CD4 T cells, but not CD8 T cells, proliferate in poly(I:C)-treated MxCre⁺ hosts. (a) Proliferation and recovery of sorted B6 CD45.1 naïve CD4 T cells (Upper) or naïve CD8 T cells (Lower) after transfer into poly(I:C)-treated Mx Cre⁺ Rag2fl/− or Mx Cre⁻ Rag2fl/− control mice. CFSE profiles were obtained 7 and 21 days after transfer. (b) Absolute numbers of recovered donor CD4 (open bars) or CD8 T cells (filled bars) with a naïve phenotype 7 and 21 days after transfer into poly(I:C)-treated Mx Cre⁺ Rag2fl mice.
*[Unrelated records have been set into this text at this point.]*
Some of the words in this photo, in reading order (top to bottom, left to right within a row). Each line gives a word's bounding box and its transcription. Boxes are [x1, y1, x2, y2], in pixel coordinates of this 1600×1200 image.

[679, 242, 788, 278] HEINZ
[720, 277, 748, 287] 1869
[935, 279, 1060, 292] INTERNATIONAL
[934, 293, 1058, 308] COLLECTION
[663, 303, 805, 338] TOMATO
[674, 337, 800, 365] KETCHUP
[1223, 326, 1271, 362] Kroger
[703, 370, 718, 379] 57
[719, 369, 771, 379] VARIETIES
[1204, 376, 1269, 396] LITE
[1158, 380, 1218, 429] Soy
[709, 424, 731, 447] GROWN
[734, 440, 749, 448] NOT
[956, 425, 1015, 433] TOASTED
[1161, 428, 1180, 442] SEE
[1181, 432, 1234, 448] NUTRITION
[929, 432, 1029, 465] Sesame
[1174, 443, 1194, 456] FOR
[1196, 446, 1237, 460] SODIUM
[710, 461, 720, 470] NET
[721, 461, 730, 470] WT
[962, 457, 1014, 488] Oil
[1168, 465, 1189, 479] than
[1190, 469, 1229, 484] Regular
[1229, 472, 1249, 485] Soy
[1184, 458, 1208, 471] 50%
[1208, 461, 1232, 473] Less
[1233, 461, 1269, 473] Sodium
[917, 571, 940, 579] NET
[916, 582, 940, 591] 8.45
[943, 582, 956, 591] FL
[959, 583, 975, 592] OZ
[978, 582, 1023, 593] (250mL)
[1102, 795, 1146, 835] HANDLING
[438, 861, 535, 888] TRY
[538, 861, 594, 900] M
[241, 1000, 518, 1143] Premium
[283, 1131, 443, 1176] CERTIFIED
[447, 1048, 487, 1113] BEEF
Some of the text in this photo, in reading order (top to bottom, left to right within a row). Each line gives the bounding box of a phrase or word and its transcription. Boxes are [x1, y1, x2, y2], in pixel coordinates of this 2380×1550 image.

This experiment is representative of three experiments using three mice per group and per time point.

Fig. 5.

LBP levels in serum. (a) LBP concentration in the sera of 8-week-old B6 mice (open bar) and Rag2-deficient mice (black bar) (Left) and LBP concentration in serum of poly(I:C)-treated mice (gray bar) or untreated Mx Cre⁺ Rag2fl/− mice (open bar) 15–20 weeks after treatment (Right). This experiment is representative of two experiments using three to five mice per group. (b) LBP concentration in sera of poly(I:C)-treated MxCre⁺ Rag2fl/− mice at different time points after poly(I:C) treatment (Left) and LBP concentration in sera of B6 mice at 2, 8, and 20 months of age (Right). (c) LPB concentration in sera of Rag-deficient mice injected with purified B cells or naïve CD4 T cells (5 × 10⁶ per mouse) before cell transfer at day 0 (open bars) or 8 days after cell transfer (filled bars). (d) Transfer of 1.5 × 10⁶ naïve CD4 T cells isolated from poly(I:C)-treated (■) or untreated (□) Mx Cre⁺ Rag2fl/− mice into Rag-deficient hosts. The graph shows percentage of weigh loss in the adoptive hosts. These data are representative of two experiments using at least four mice per group.